另一方面,本发明提供了拮抗个体中的PCSK9活性的方法,包括向个体施用治疗上有效量的本发明的PCSK9特异性拮抗剂。在具体的实施方式中,拮抗PCSK9功能的方法用于治疗与PCSK9相关的疾病、紊乱、病症,或可以从PCSK9拮抗剂的作用中受益的疾病、紊乱或病症。药剂可用于表现出与PCSK9活性相关的病症,或者对于特定个体而言PCSK9的功能收到禁忌的病症。在选择性的实施方式中,这些病症可能是高胆固醇血症、冠心病、代谢综合症、急性冠状动脉综合症或者相关病症。
因此,本发明考虑到本文描述的PCSK9特异性拮抗剂在各种治疗方法中的用途,其中需要拮抗PCSK9的功能。治疗方法在性质上可分为预防性或治疗性的。在具体的实施方式中,本发明涉及治疗与PCSK9活性相关或源于PCSK9活性的病症,或者对于特定个体而言PCSK9的功能收到禁忌的病症,包括向个体施用治疗上有效量的本发明的PCSK9特异性拮抗剂。在选择性的实施方式中,这些病症可能是高胆固醇血症、冠心病、代谢综合症、急性冠状动脉综合症或者相关病症。

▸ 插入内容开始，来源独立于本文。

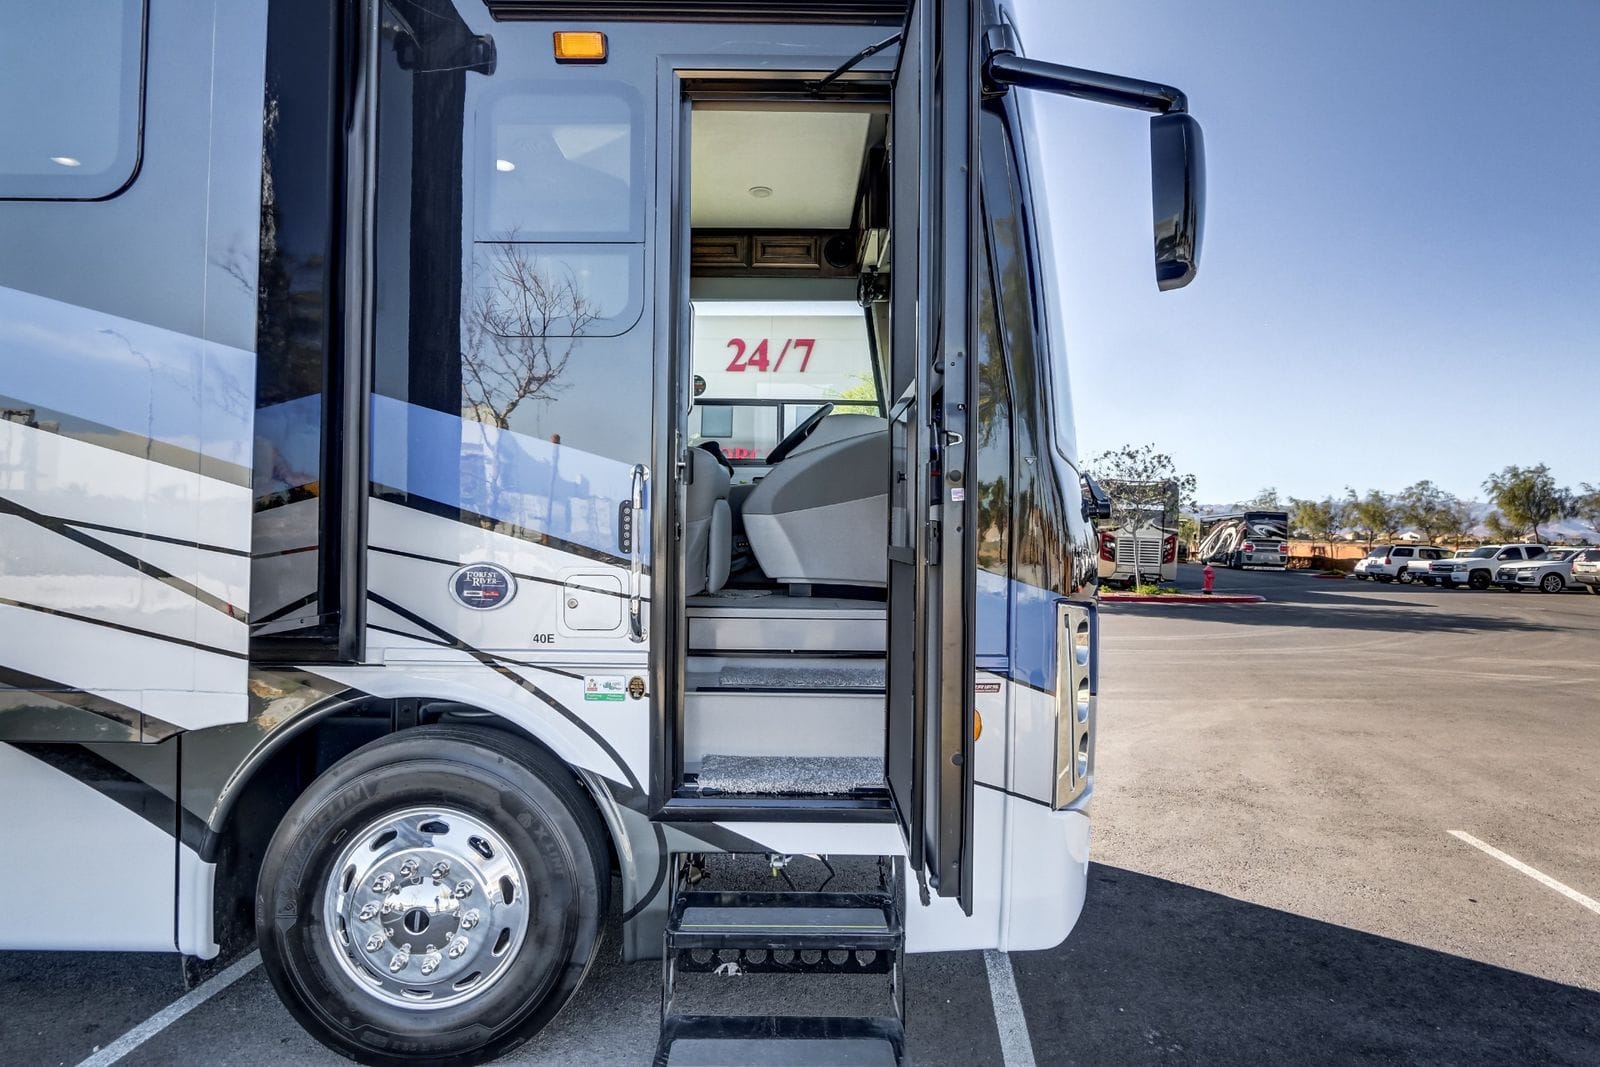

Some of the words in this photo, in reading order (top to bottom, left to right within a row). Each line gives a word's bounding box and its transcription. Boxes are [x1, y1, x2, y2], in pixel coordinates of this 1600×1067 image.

[726, 337, 816, 373] 24/7
[465, 571, 498, 581] FOREST
[472, 577, 497, 587] RIVER
[532, 633, 555, 644] 40E

本发明的治疗方法包括向个体施用治疗上(或预防上)有效量的本发明的PCSK9特异性拮抗剂。当提及数量时术语“治疗上有效”或“预防上有效”是指:在需要的时间段内达到需要的治疗/预防效果所必需的预期剂量。预期达到的效果可以是,例如,与治疗的病症相关的至少一种症状的减轻。如本领域技术人员所认识到的,这些数量将根据不同的因素发生变化,所述因素包括但不限于个体的疾病状态、年龄、性别和体重,以及PCSK9特异性拮抗剂在个体中引起需要的效果的能力。可以通过体外检验、体内非人动物研究证明反应结果,和/或从临床试验得到进一步支持。
PCSK9特异性拮抗剂可作为药物组合物施用。因此,本发明提供了药学上可接受的组合物,其包括本发明的PCSK9特异性拮抗剂和药学上可接受的载体,所述载体包含但不限于赋形剂、稀释剂、稳定剂、缓冲液或者其它旨在促进以需要的形式和数量向治疗个体施用拮抗剂的替代物。

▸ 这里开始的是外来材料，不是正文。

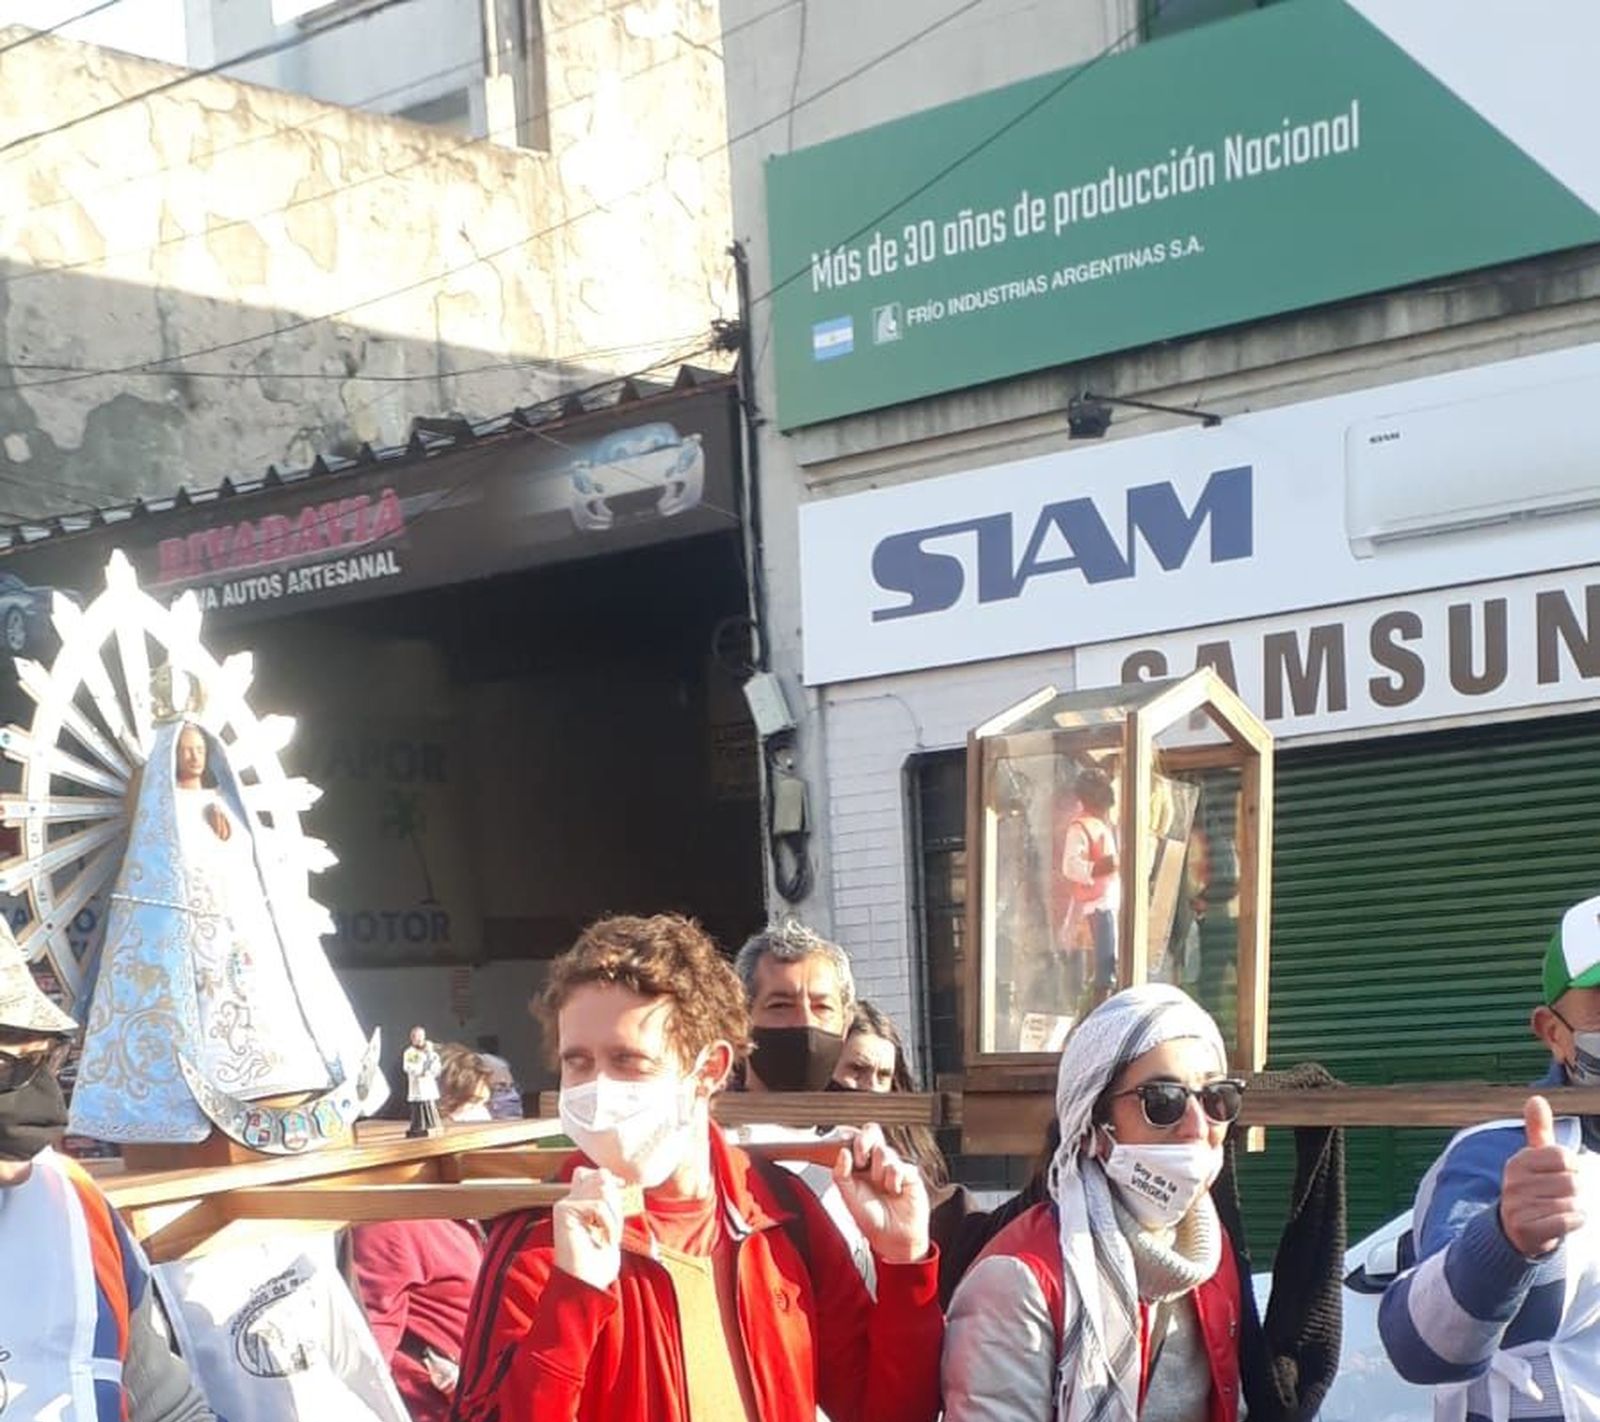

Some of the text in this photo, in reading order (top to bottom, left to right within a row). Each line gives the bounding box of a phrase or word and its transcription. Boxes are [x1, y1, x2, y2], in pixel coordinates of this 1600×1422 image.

可以使用本领域已知的任意数目的策略来配制药物组合物,参见,例如,McGoff和Scher,2000 Solution Formulation of Proteins/Peptides:In-McNally,E.J.,ed.Protein Formulation and Delivery.New York,NY:Marcel Dekker;PP.139-158.Akers &Defilippis,2000,Peptides and Proteins as Parenteral Solutions.In-Pharmaceutical Formulation Development of Peptides and Proteins.Philadelphia,PA:Taylor and Francis;PP.145-177;Akers(等人),2002,Pharm.Biotechnol.14:47-127。适合于患者施用的药学上可接受组合物将在制剂中包含有效量的PCSK9特异性拮抗剂,所述制剂在可接受的温度范围内储存时,不仅保持生物学活性还促进最大的稳定性。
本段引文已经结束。